院外心停止後に蘇生に成功した非ST上昇型心筋梗塞(NSTEMI)患者では、即時的に冠動脈造影を行い、必要に応じて経皮的冠動脈インターベンション(PCI)を施行するアプローチは、神経学的回復後に遅延的にこれを施行する戦略と比較して、90日生存率の改善は得られないことが、オランダ・アムステルダム大学医療センターのJorrit S. Lemkes氏らが実施したCOACT試験で示された。研究の成果は、NEJM誌オンライン版2019年3月18日号に掲載された。院外心停止の主な原因は虚血性心疾患であり、現行の欧米のガイドラインでは、蘇生後のST上昇型心筋梗塞(STEMI)へは即時的な冠動脈造影とPCIが推奨されている。一方、蘇生後のNSTEMIへの即時的な施行に関しては、無作為化試験のデータはなく、観察研究では相反する結果の報告があるという。
NSTEMIへの即時的施行を評価するオランダの無作為化試験
本研究は、オランダの19施設が参加した非盲検無作為化試験であり、2015年1月~2018年7月に患者登録が行われた(オランダ心臓研究所などの助成による)。
院外心停止から蘇生し、心電図検査でST上昇がみられない患者552例のうち、後に同意を撤回した患者を除く538例(平均年齢65.3±12.6、男性79.0%)を対象とした。
これらの患者を、即時的に冠動脈造影を行う群(273例)または神経学的回復後に行う遅延的冠動脈造影群(265例)に、1対1の割合で無作為に割り付けた。両群とも、必要に応じてPCIが施行された。

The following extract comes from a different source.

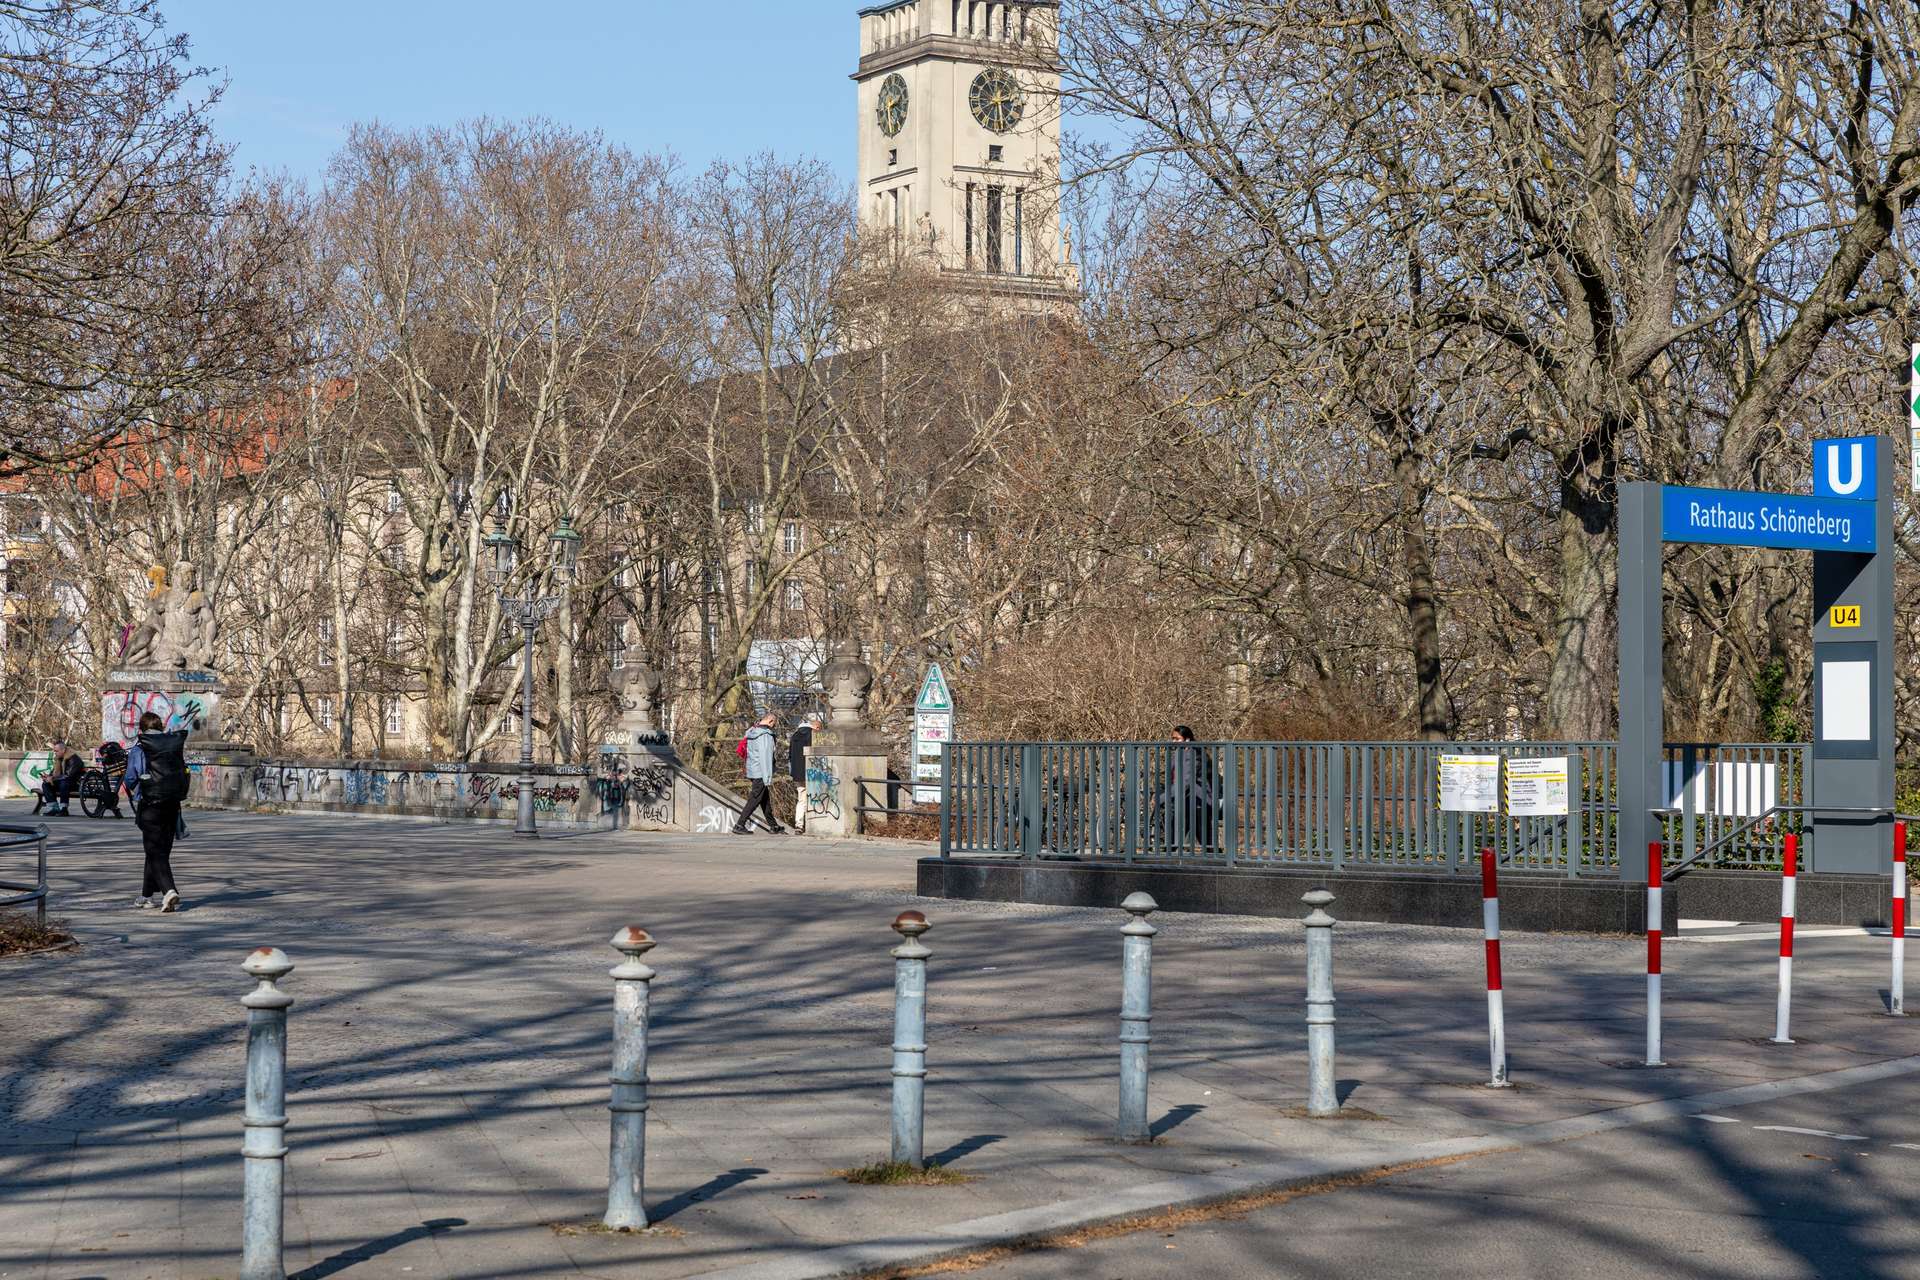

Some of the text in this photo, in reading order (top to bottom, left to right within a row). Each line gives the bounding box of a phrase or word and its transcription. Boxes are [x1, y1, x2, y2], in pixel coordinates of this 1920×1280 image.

[1827, 443, 1863, 495] U
[1690, 502, 1851, 543] Rathaus Schöneberg
[1834, 608, 1857, 624] U4

主要エンドポイントは90日生存率とした。副次エンドポイントは、脳機能が良好または軽度~中等度障害の状態での90日生存率、心筋傷害、カテコールアミン投与期間、ショックのマーカー、心室頻拍の再発、人工呼吸器の使用期間、大出血、急性腎障害、腎代替療法の必要性、目標体温の到達時間、集中治療室(ICU)退室時の神経学的状態などであった。
90日生存率:64.5% vs.67.2%、目標体温到達時間が長い
冠動脈造影の施行率は、即時的冠動脈造影群が97.1%、遅延的冠動脈造影群は64.9%であった。心停止から冠動脈造影施行までの時間中央値は、それぞれ2.3時間、121.9時間、無作為割り付けから冠動脈造影までの時間中央値は、0.8時間、119.9時間だった。
急性血栓性閉塞が即時群3.4%、遅延群7.6%にみられた。PCIはそれぞれ33.0%、24.2%で、CABGが6.2%、8.7%で行われ、薬物療法または保存的治療は61.5%、67.5%で実施された。
90日時の生存率は、即時群が64.5%(176/273例)、遅延群は67.2%(178/265例)と、両群に有意な差を認めなかった(オッズ比[OR]:0.89、95%信頼区間[CI]:0.62~1.27、p=0.51)。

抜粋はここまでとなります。